Celia split the difference between sensible and show-stopping: black shorts, a sleeveless maroon top that hugged her curves and showed just enough cleavage to remind the world that she was Celia Valdez-Kingsley and had top tier, non-surgically altered boobs. She paired it with her old shoes—still safe post-apocalypse—and a pair of sunglasses she stole from Tif’s pile.
Jake wore jeans and a Led Zeppelin shirt from his bag. He, after all, along with Owen, had put the explosive toiletries in a separate bag and only had a minor mess to clean up. Nobody cared what he looked like today. He was here to get the fuck out of Dodge and collapse somewhere warm enough for a lizard to sunbathe.
Which was exactly what he did.
By the time they passed over the Mexico/USA border twenty-seven minutes after takeoff, the second Bloody Mary had hit Jake’s bloodstream. They were at FL420. Fuckin’ cool, dude (the pilots had had no idea what he was talking about when he referenced 420 to them, which made him feel good about their qualifications). The stress of the last thirty-six hours was melting away. The cabin was still pressurized. That was the coolest thing of all.

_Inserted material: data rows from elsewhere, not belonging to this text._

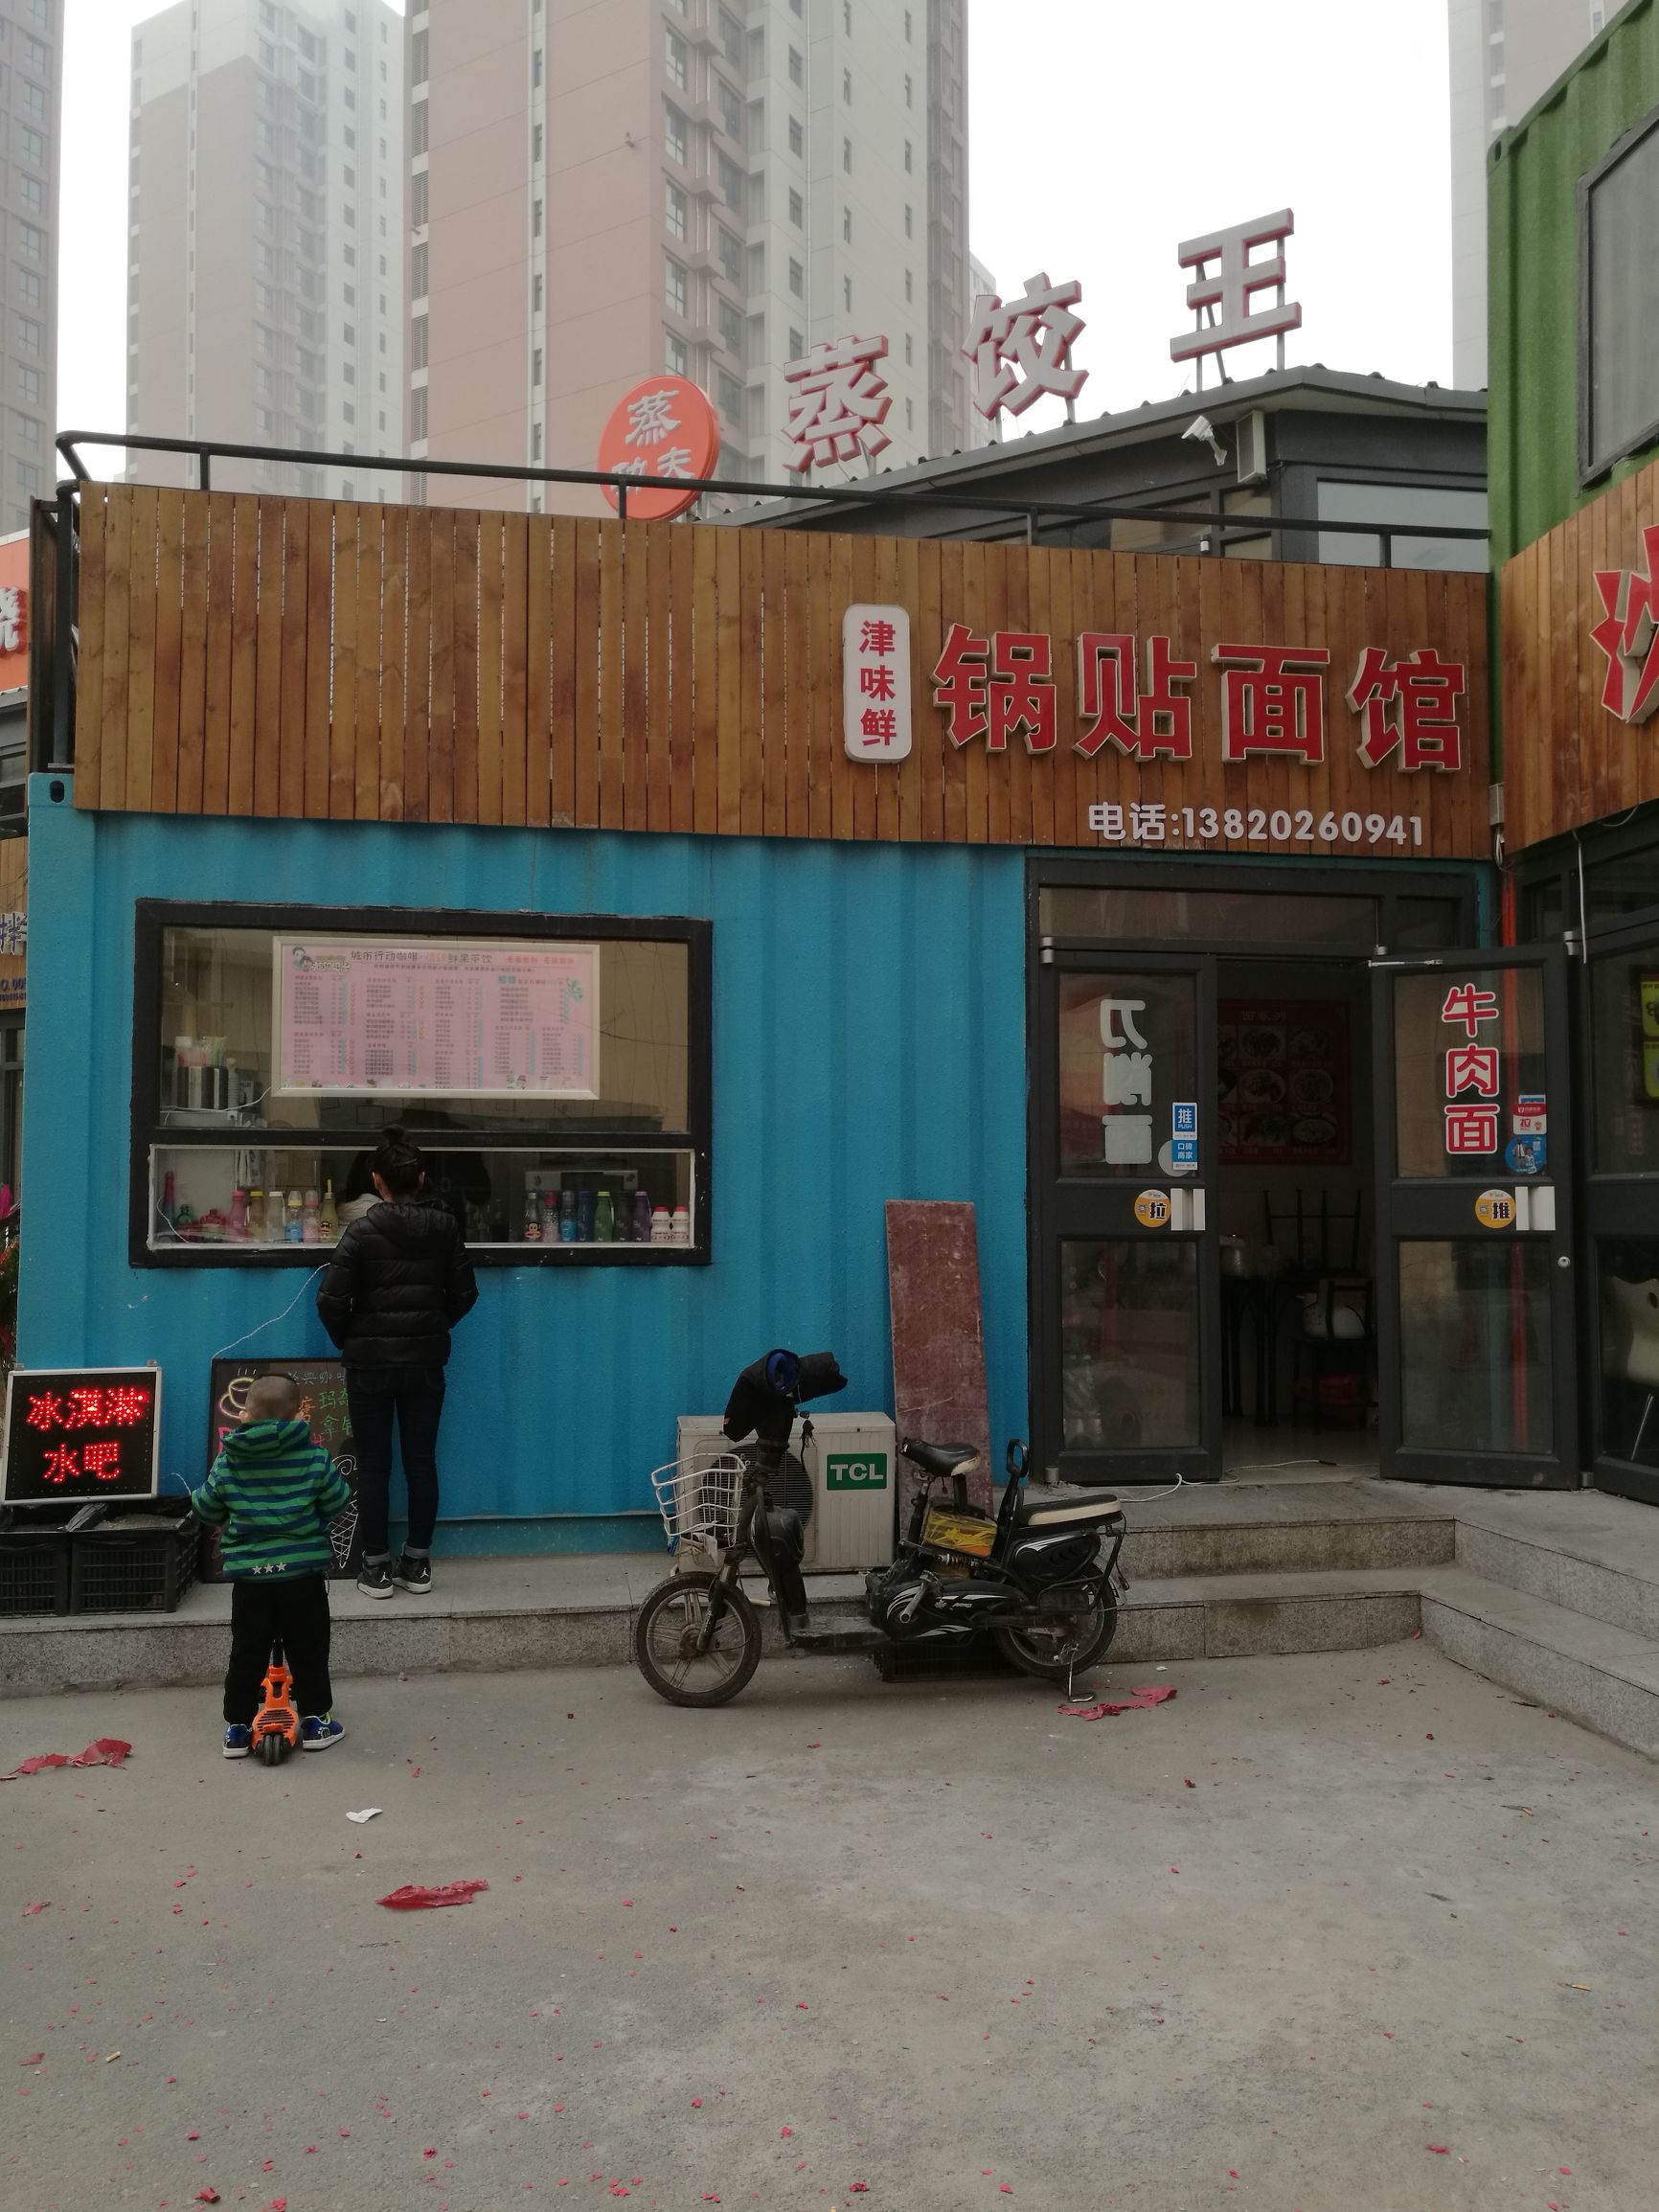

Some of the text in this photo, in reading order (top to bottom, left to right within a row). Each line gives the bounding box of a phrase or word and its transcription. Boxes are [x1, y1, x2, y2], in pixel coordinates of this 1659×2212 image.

[784, 208, 1302, 472] 蒸饺王
[625, 390, 683, 446] 蒸
[859, 620, 898, 747] 津味鲜
[933, 624, 1465, 772] 锅贴面馆
[1088, 803, 1423, 847] 电话:13820260941
[1442, 982, 1500, 1155] 牛肉面
[1178, 1108, 1193, 1124] 推
[1149, 1201, 1166, 1220] 拉
[1492, 1202, 1511, 1220] 推
[26, 1386, 148, 1431] 冰淇淋
[42, 1441, 122, 1484] 水吧
[830, 1463, 884, 1482] TCL

He kicked off his shoes, leaned his seat back, and passed the hell out. Laura curled into him, head resting on his shoulder, and followed him into sleep not long afterward. They both looked younger asleep—less weight on their shoulders, less noise behind their eyes.
Celia sat across from them flipping through a music magazine she’d grabbed purely to sneer at. Tif and Owen were glued to the windows, whispering observations as if narrating a wildlife documentary.
The Gulfstream slid southwest through Mexico, the earth below slowly shifting from Texas sprawl to desert scrub to the endless glitter of the Gulf of California. They barely hit a ripple of turbulence. Not a cloud in sight.
At about the time the coastline of Baja California curved into view, Jake stirred. Laura shifted against him, blinking awake.
Bright blue water stretched out below them—pure, unbroken turquoise that practically glowed in the midday sun. The southern tip of the peninsula approached like a postcard.